Together, the Harrisons had one daughter:
- Elizabeth (Harrison) Walker (1897–1955), a lawyer. Born in Indianapolis, she graduated from New York University School of Law in 1919. In 1922, she married James Blaine Walker, grandnephew of her father's secretary of state James G. Blaine. She was founder and publisher of "Cues on the News", an investment newsletter for women. Their daughter, Mary Jane Walker, married Newell Garfield, a grandson of Interior Secretary James Rudolph Garfield, and great-grandson of President James Garfield.
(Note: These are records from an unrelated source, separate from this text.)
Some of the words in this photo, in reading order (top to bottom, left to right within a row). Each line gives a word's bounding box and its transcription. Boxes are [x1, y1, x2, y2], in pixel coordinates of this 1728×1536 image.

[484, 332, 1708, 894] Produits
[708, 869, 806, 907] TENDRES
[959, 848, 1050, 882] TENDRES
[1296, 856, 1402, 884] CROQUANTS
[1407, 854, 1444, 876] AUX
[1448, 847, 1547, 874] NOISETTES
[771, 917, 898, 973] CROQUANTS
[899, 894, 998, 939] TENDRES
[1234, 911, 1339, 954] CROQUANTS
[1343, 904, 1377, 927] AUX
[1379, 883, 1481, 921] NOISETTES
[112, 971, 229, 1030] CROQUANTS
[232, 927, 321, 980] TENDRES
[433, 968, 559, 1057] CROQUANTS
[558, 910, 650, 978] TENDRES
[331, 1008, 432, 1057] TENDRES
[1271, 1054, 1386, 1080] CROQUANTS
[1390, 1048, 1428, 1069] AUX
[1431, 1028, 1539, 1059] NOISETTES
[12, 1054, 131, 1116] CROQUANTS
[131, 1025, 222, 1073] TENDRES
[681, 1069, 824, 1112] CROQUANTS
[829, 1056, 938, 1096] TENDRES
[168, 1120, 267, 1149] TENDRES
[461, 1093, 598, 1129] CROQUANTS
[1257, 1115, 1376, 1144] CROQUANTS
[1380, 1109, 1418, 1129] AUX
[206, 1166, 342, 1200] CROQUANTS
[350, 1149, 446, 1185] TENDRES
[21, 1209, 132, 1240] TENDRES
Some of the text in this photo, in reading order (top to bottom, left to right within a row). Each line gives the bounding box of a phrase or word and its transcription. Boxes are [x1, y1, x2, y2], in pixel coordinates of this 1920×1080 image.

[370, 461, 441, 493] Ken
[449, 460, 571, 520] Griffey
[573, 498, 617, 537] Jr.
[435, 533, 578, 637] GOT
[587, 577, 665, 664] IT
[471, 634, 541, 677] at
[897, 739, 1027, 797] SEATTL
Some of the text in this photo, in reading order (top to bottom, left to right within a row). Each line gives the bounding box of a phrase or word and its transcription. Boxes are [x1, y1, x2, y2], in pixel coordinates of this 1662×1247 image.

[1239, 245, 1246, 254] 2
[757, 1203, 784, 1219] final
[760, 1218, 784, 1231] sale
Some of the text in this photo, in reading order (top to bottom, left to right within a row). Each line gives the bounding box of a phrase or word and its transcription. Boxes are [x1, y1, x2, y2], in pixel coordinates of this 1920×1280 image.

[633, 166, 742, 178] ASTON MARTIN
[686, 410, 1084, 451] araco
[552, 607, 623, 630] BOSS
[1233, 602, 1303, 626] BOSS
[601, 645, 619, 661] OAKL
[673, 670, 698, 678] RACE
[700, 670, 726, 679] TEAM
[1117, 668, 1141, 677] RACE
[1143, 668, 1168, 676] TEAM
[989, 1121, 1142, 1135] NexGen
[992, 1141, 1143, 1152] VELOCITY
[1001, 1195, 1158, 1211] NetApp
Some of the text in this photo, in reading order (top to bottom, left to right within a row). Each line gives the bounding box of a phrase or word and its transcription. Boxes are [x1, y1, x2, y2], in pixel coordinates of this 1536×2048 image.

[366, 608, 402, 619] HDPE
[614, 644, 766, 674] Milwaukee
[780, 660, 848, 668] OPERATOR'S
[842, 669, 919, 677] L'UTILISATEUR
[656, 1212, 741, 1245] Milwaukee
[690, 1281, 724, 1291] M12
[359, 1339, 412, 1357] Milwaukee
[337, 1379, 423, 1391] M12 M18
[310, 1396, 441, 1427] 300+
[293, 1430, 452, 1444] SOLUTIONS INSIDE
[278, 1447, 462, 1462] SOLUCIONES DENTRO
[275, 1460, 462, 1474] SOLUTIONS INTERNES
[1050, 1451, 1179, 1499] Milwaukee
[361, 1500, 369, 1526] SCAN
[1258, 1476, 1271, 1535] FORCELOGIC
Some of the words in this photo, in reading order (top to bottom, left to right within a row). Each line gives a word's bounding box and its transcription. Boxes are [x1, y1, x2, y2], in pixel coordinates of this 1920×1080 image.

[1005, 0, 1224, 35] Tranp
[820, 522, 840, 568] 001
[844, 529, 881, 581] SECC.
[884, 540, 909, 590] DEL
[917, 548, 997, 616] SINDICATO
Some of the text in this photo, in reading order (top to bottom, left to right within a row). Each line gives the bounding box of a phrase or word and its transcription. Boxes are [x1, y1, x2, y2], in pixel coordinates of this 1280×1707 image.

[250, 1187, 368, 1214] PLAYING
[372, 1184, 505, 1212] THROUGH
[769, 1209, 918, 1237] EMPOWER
The Harrisons traveled widely: to Venezuela, where Harrison played a role in settling a boundary dispute, and to the First Peace Conference at The Hague in 1899. Benjamin Harrison died on March 13, 1901. Mrs. Harrison survived the former president by nearly half a century. Arden Davis Melick reveals that "Mary Dimmick Harrison established The Benjamin Harrison Memorial Home in Indianapolis, Indiana." In 1901, she commissioned Frederick Wilson of Tiffany Studios to create a stained-glass window for Benjamin Harrison's long-time congregation, First Presbyterian Church.

On September 1, 1914, Mary and her seventeen-year-old daughter Elizabeth returned from Europe upon the outbreak of war aboard the SS Ryndam. She died of asthma in New York City on January 5, 1948. She was buried in Indianapolis, Indiana, in Crown Hill Cemetery.